Collected data
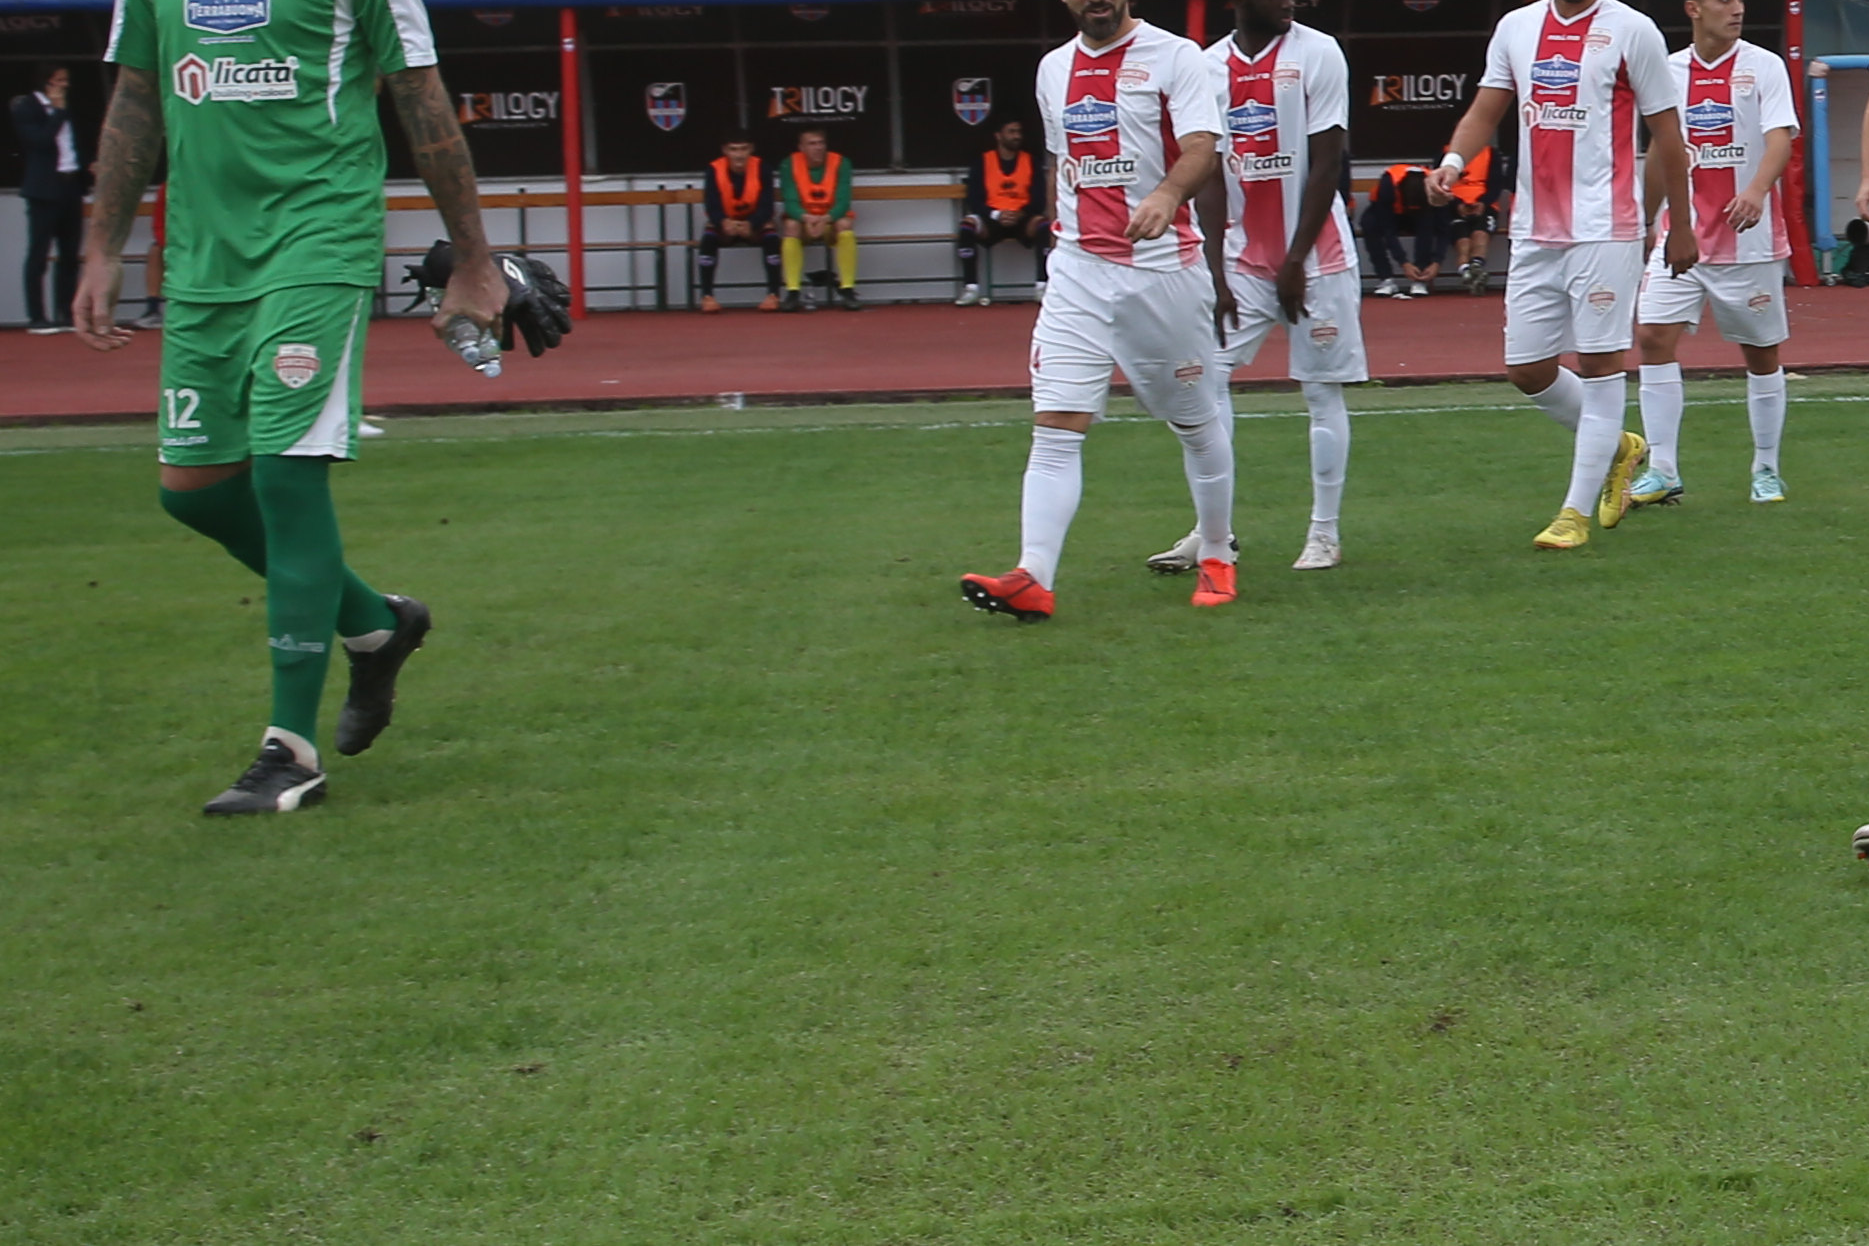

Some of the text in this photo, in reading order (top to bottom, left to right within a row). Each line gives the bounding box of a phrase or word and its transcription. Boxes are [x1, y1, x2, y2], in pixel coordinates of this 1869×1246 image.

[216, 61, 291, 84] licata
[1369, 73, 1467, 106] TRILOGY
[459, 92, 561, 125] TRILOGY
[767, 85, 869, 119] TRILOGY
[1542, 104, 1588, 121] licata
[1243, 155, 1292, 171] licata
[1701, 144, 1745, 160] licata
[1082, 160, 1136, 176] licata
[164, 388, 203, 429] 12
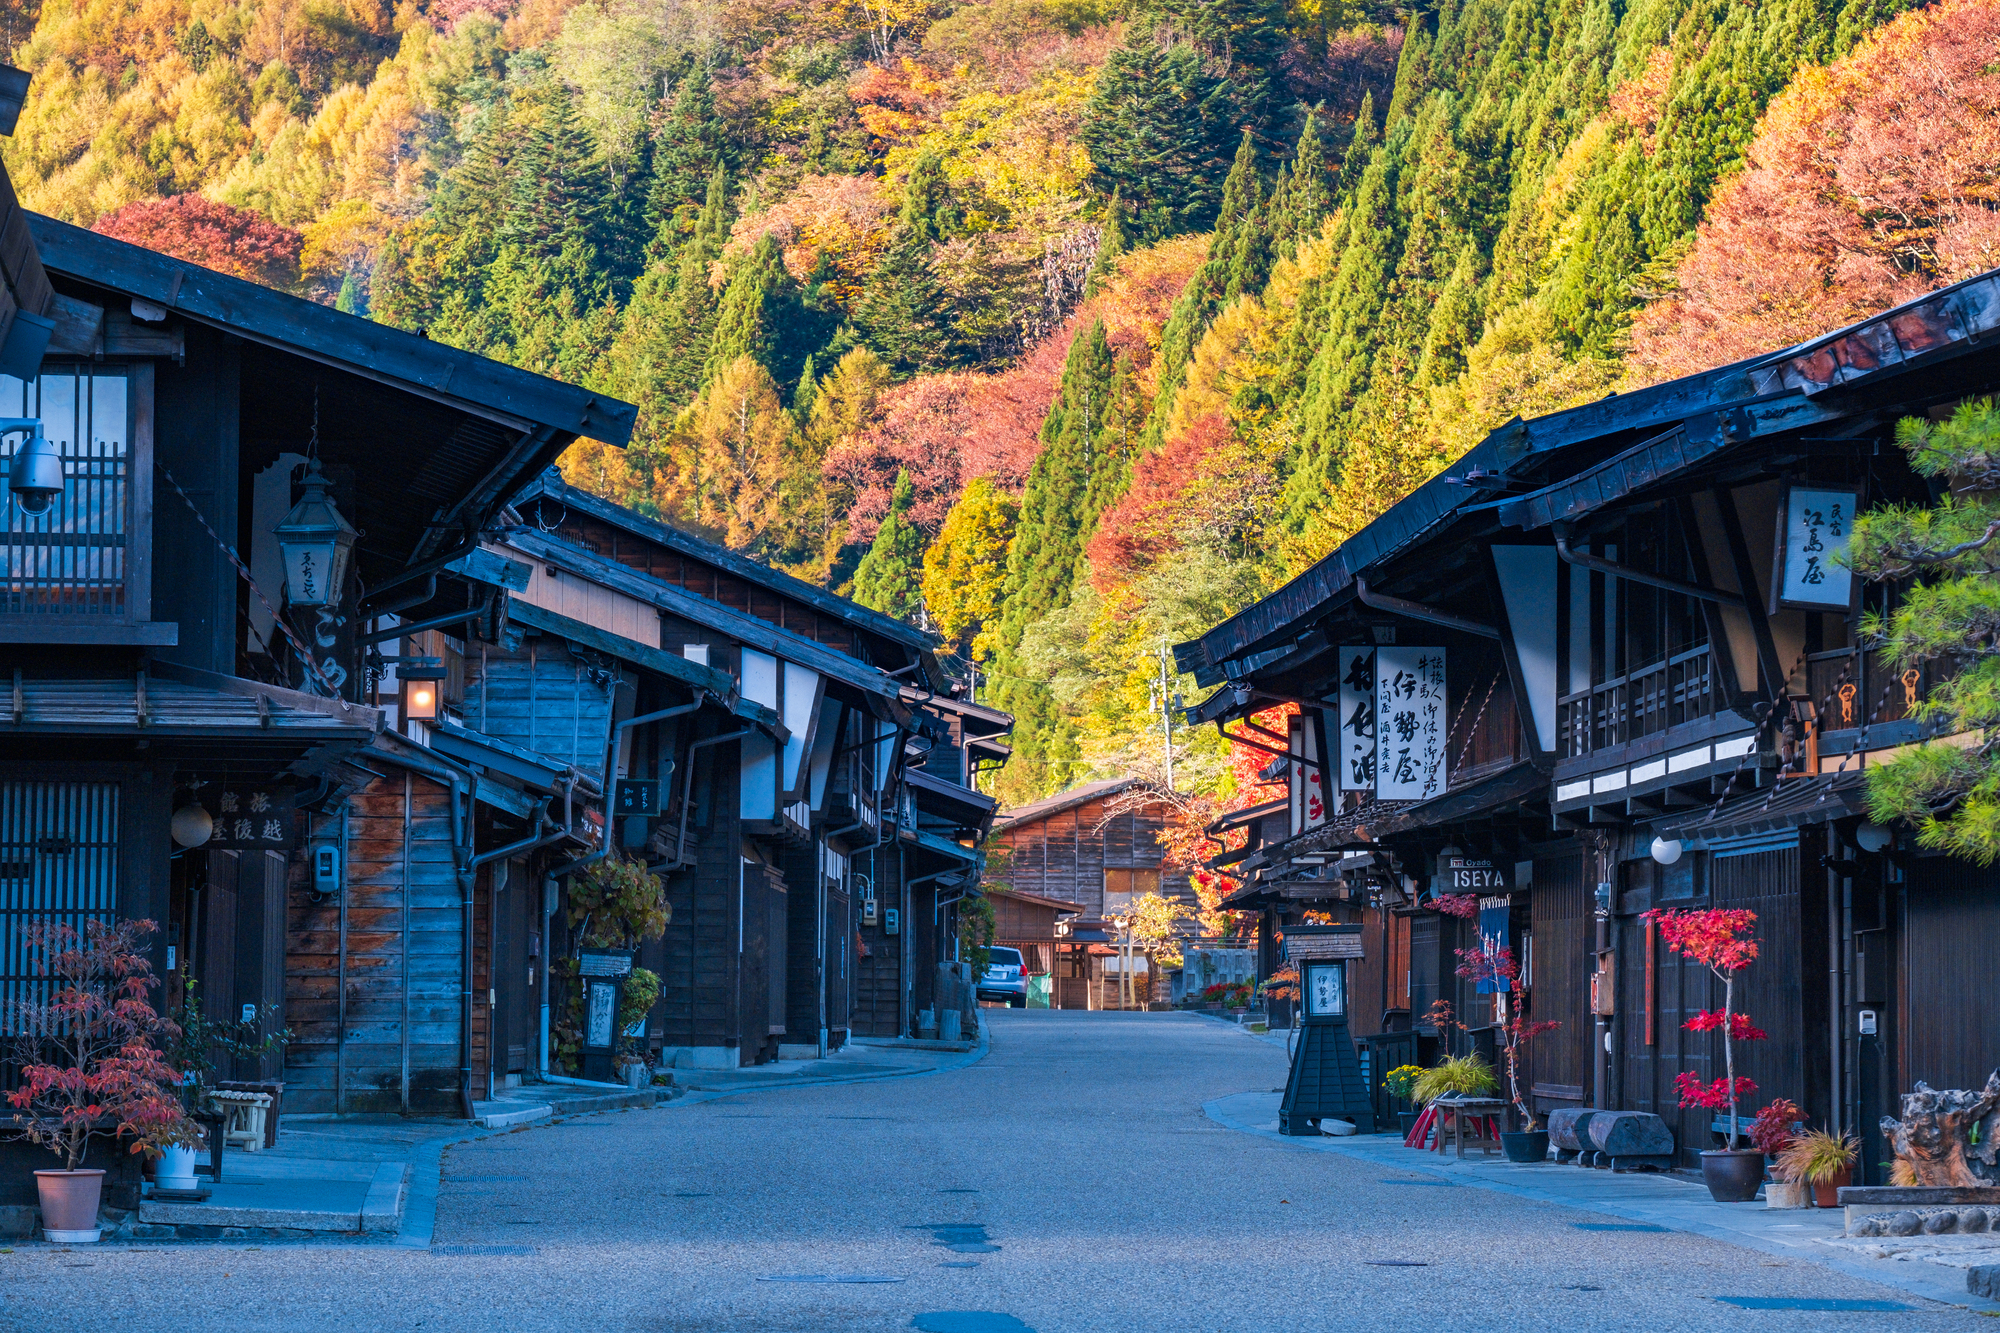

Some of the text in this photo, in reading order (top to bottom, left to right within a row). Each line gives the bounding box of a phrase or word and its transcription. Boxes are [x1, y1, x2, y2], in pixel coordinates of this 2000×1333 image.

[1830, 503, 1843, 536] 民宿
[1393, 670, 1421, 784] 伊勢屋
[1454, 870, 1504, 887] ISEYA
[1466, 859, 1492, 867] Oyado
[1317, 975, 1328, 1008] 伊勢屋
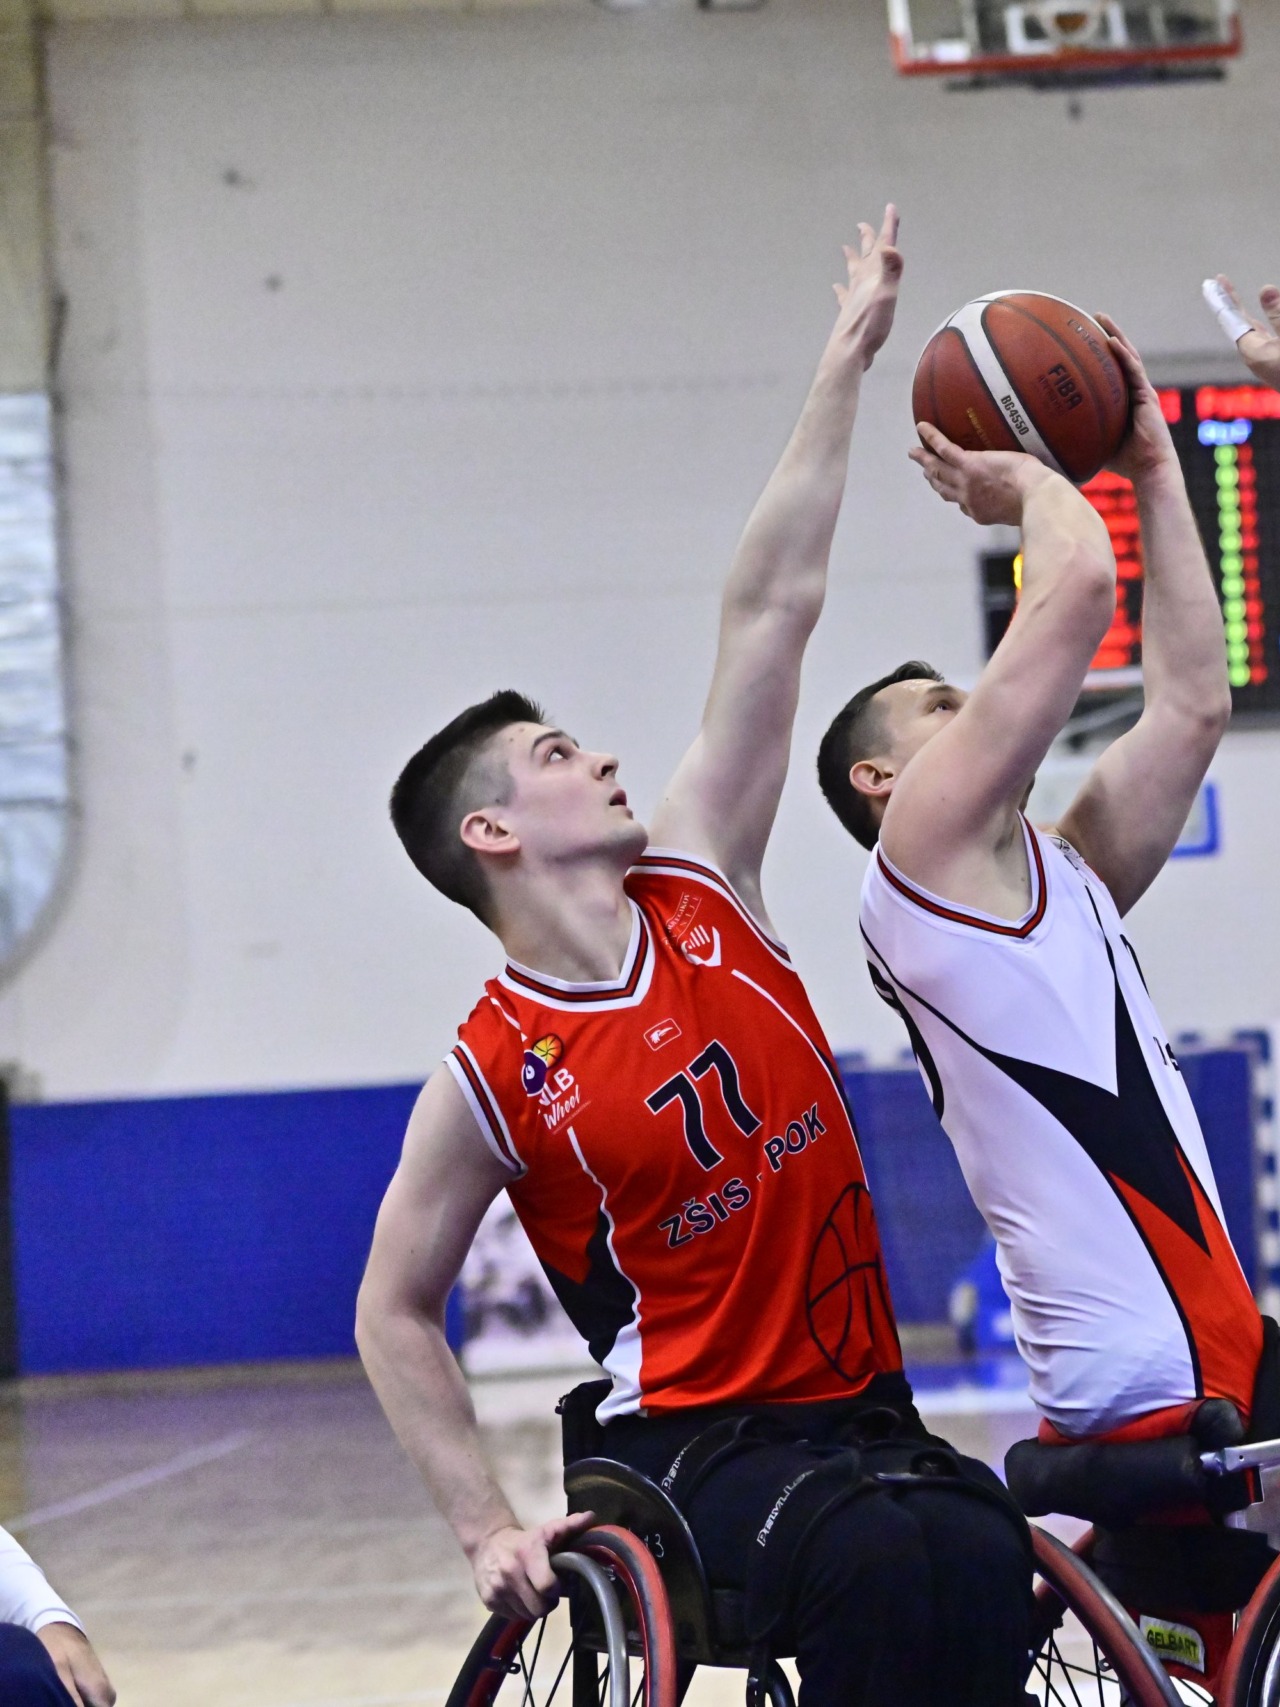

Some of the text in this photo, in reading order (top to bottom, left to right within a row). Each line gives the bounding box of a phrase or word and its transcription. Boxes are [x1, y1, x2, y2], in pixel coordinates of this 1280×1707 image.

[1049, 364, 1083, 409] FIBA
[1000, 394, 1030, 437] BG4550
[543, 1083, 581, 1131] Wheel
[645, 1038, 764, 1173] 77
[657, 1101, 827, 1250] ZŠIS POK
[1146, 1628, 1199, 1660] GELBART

**Exercise instructions:**
Leaving the pictures out, write out every entry exactly.

**Your solution:**
Some of the text in this photo, in reading order (top to bottom, left to right within a row). Each line gives the bounding box of a phrase or word and its transcription. Boxes are [x1, y1, x2, y2], in pixel coordinates of this 1869×1246 image.

[216, 61, 291, 84] licata
[1369, 73, 1467, 106] TRILOGY
[459, 92, 561, 125] TRILOGY
[767, 85, 869, 119] TRILOGY
[1542, 104, 1588, 121] licata
[1243, 155, 1292, 171] licata
[1701, 144, 1745, 160] licata
[1082, 160, 1136, 176] licata
[164, 388, 203, 429] 12

Some of the text in this photo, in reading order (top to bottom, left to right within a row). Each line gives the bounding box of a phrase or word and its transcription. Boxes are [x1, y1, x2, y2], in pixel coordinates of this 2000×1333 image.

[1830, 503, 1843, 536] 民宿
[1393, 670, 1421, 784] 伊勢屋
[1454, 870, 1504, 887] ISEYA
[1466, 859, 1492, 867] Oyado
[1317, 975, 1328, 1008] 伊勢屋

Some of the text in this photo, in reading order (top to bottom, left to right within a row). Each line gives the bounding box of a phrase or word and its transcription. Boxes are [x1, y1, x2, y2], in pixel coordinates of this 1280×1707 image.

[1049, 364, 1083, 409] FIBA
[1000, 394, 1030, 437] BG4550
[543, 1083, 581, 1131] Wheel
[645, 1038, 764, 1173] 77
[657, 1101, 827, 1250] ZŠIS POK
[1146, 1628, 1199, 1660] GELBART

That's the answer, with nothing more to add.